§ **EXERCISE GOAL**
Exclude images; transcribe the rest of the data exactly.

Image-backed grounding data
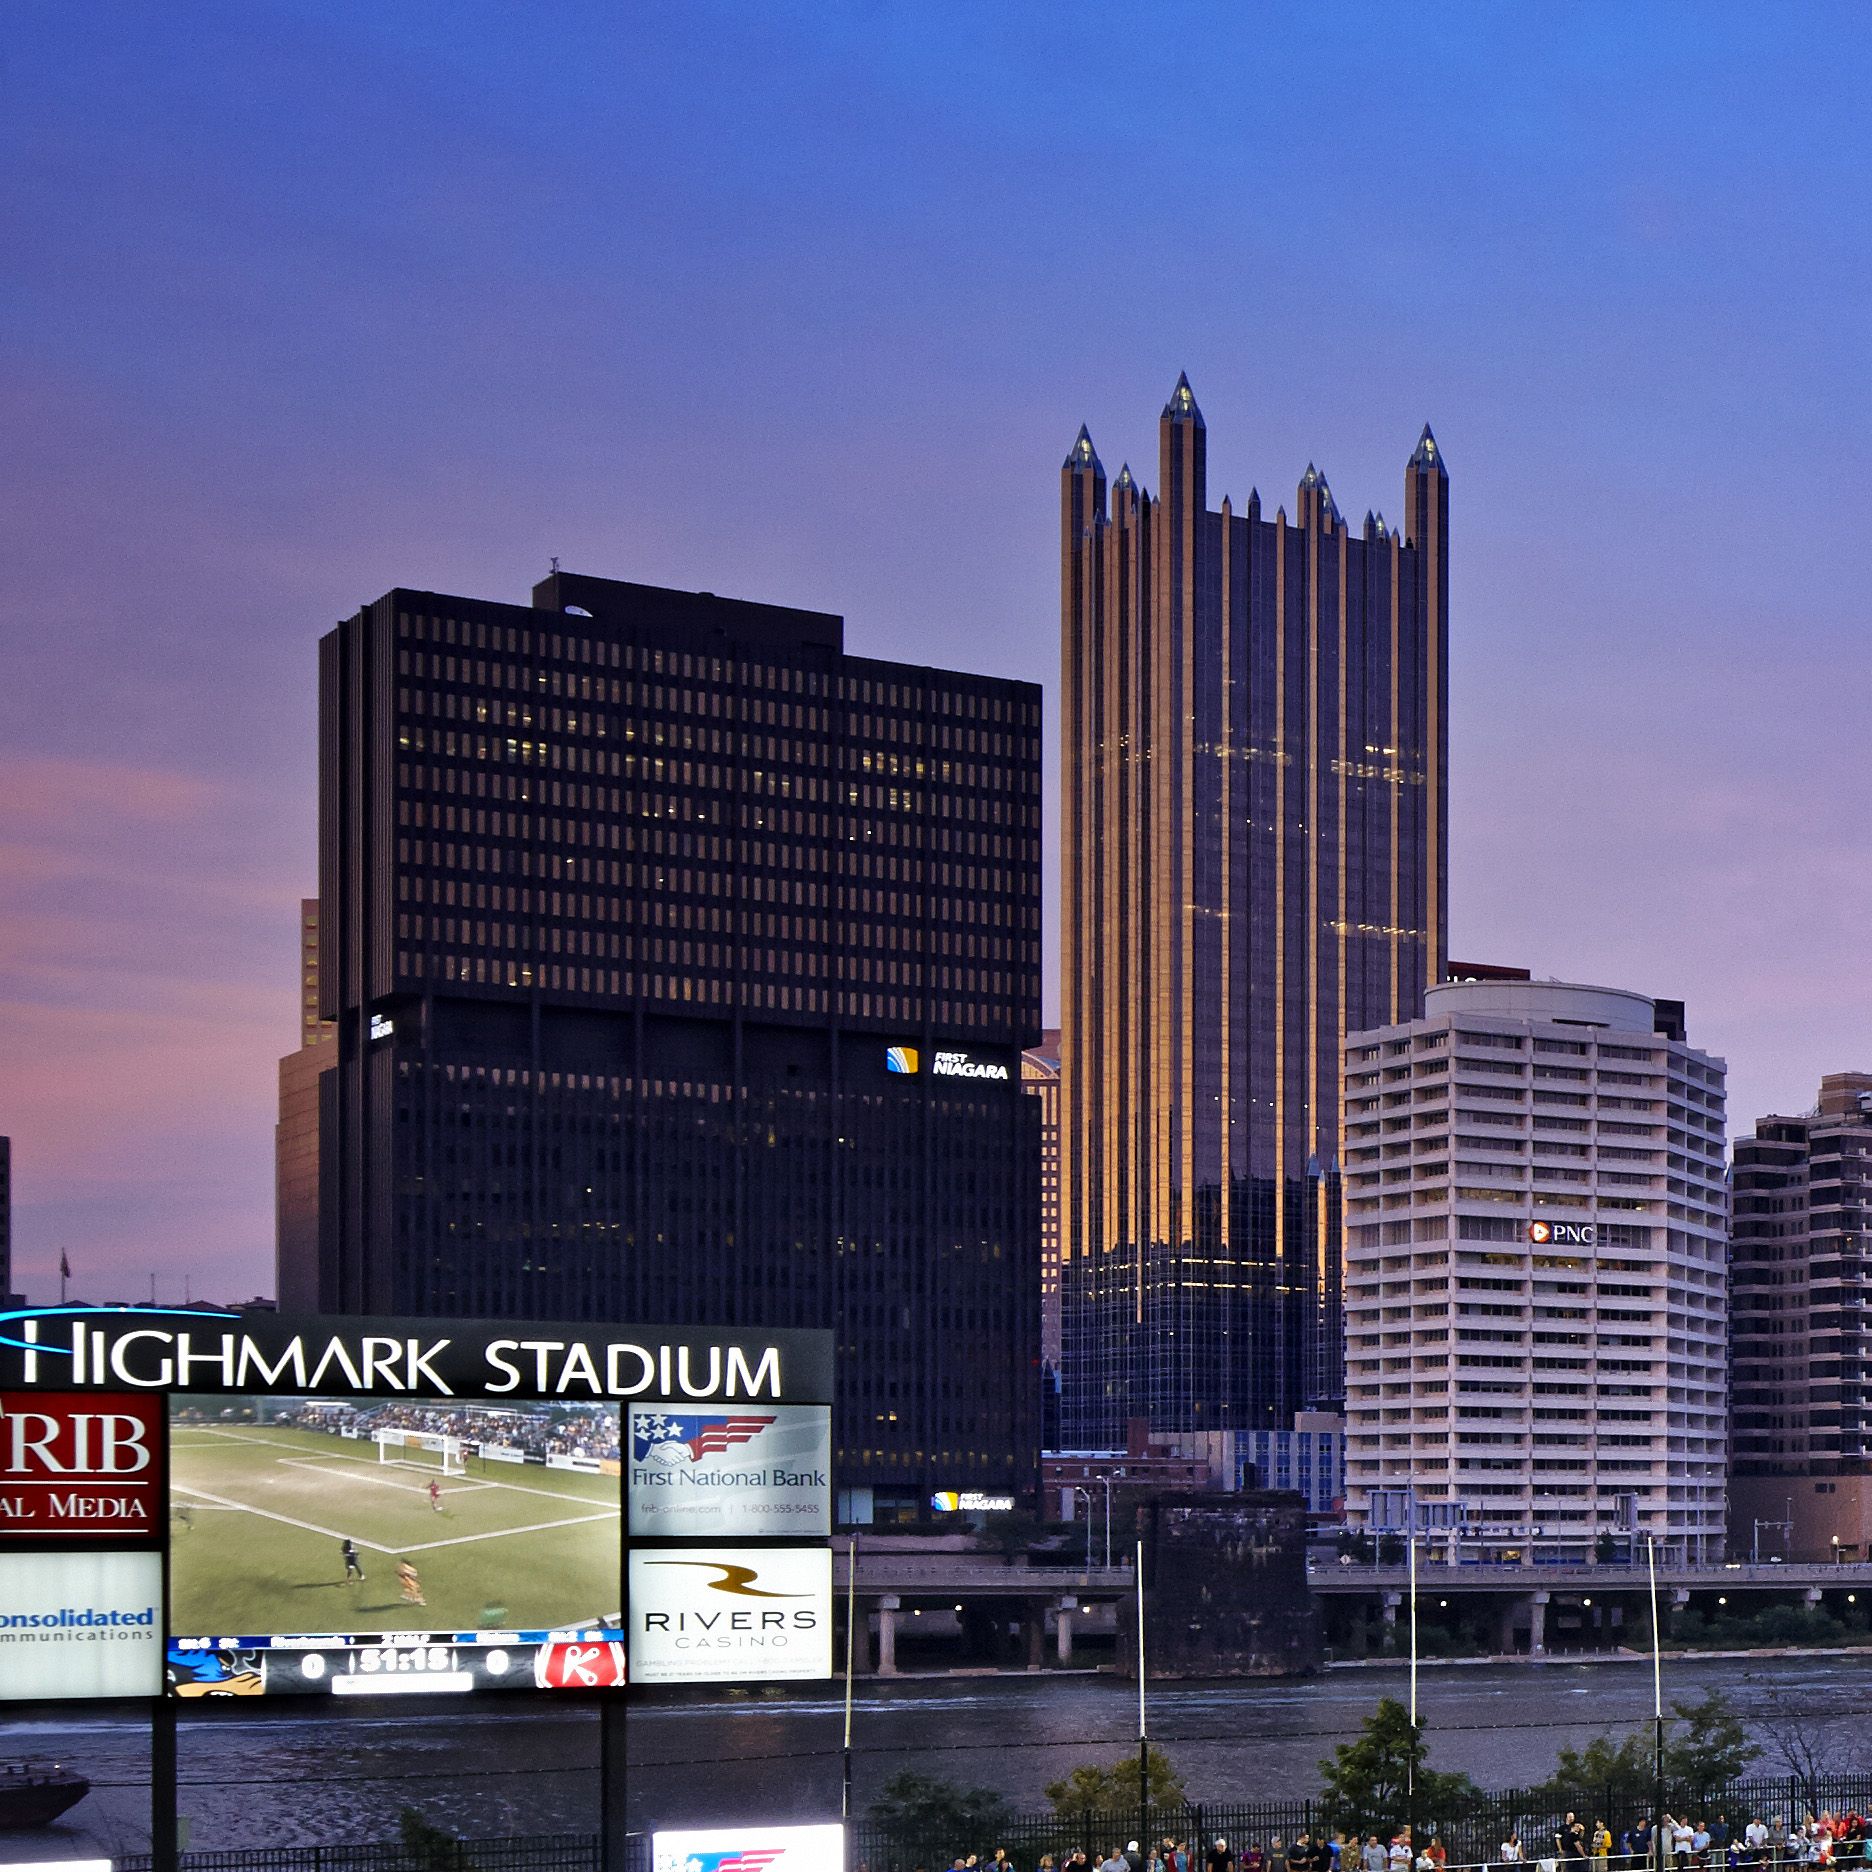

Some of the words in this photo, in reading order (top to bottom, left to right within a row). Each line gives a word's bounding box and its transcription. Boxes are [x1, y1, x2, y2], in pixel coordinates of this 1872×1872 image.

[934, 1052, 968, 1063] FIRST
[933, 1061, 1008, 1080] NIAGARA
[1553, 1225, 1593, 1243] PNC
[24, 1320, 455, 1396] HIGHMARK
[485, 1339, 781, 1397] STADIUM
[633, 1469, 673, 1486] First
[679, 1469, 767, 1487] National
[773, 1470, 826, 1487] Bank
[48, 1494, 148, 1518] MEDIA
[645, 1611, 817, 1631] RIVERS
[675, 1636, 788, 1649] CASINO
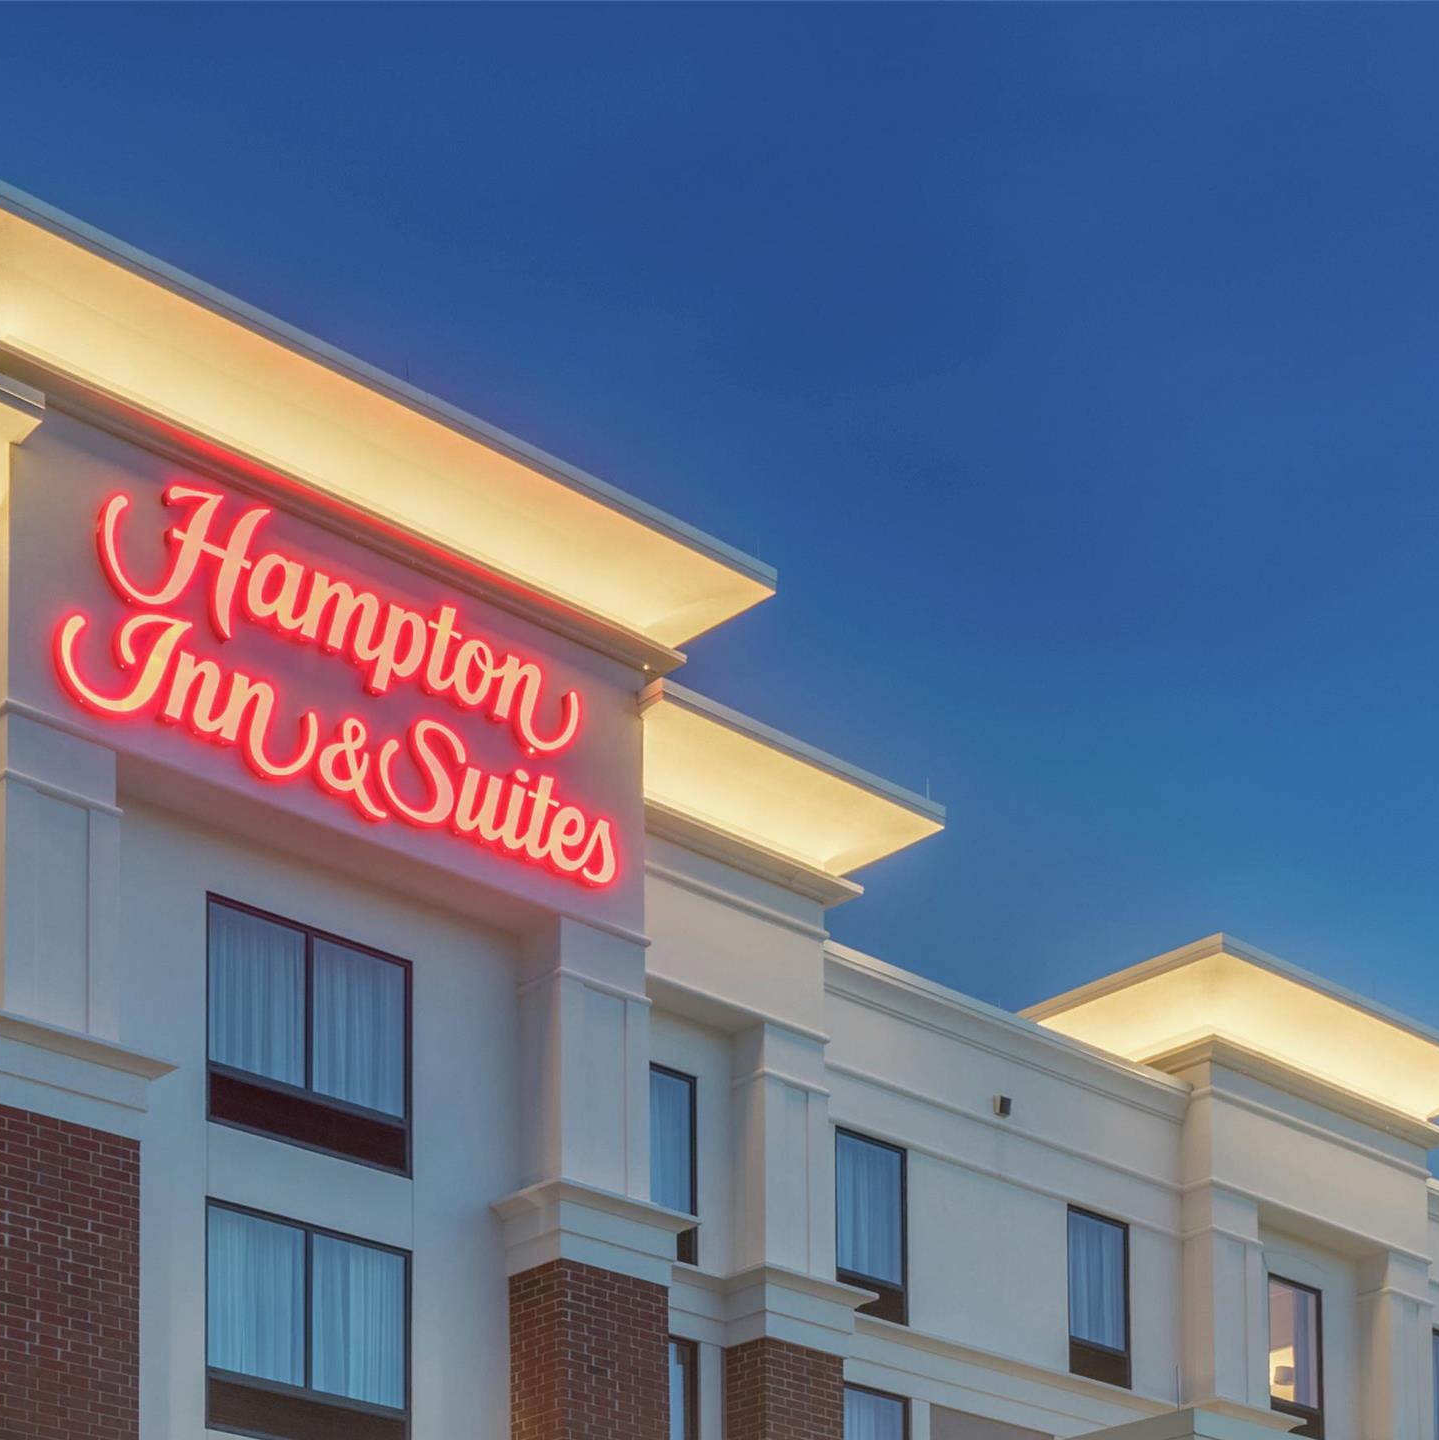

§ **THE COMPLETED TASK**
Some of the words in this photo, in reading order (top to bottom, left to right within a row). Each line gives a word's bounding box and its transcription. Boxes are [x1, y1, x2, y2], in pixel coordinates of this 1872×1872 image.

[934, 1052, 968, 1063] FIRST
[933, 1061, 1008, 1080] NIAGARA
[1553, 1225, 1593, 1243] PNC
[24, 1320, 455, 1396] HIGHMARK
[485, 1339, 781, 1397] STADIUM
[633, 1469, 673, 1486] First
[679, 1469, 767, 1487] National
[773, 1470, 826, 1487] Bank
[48, 1494, 148, 1518] MEDIA
[645, 1611, 817, 1631] RIVERS
[675, 1636, 788, 1649] CASINO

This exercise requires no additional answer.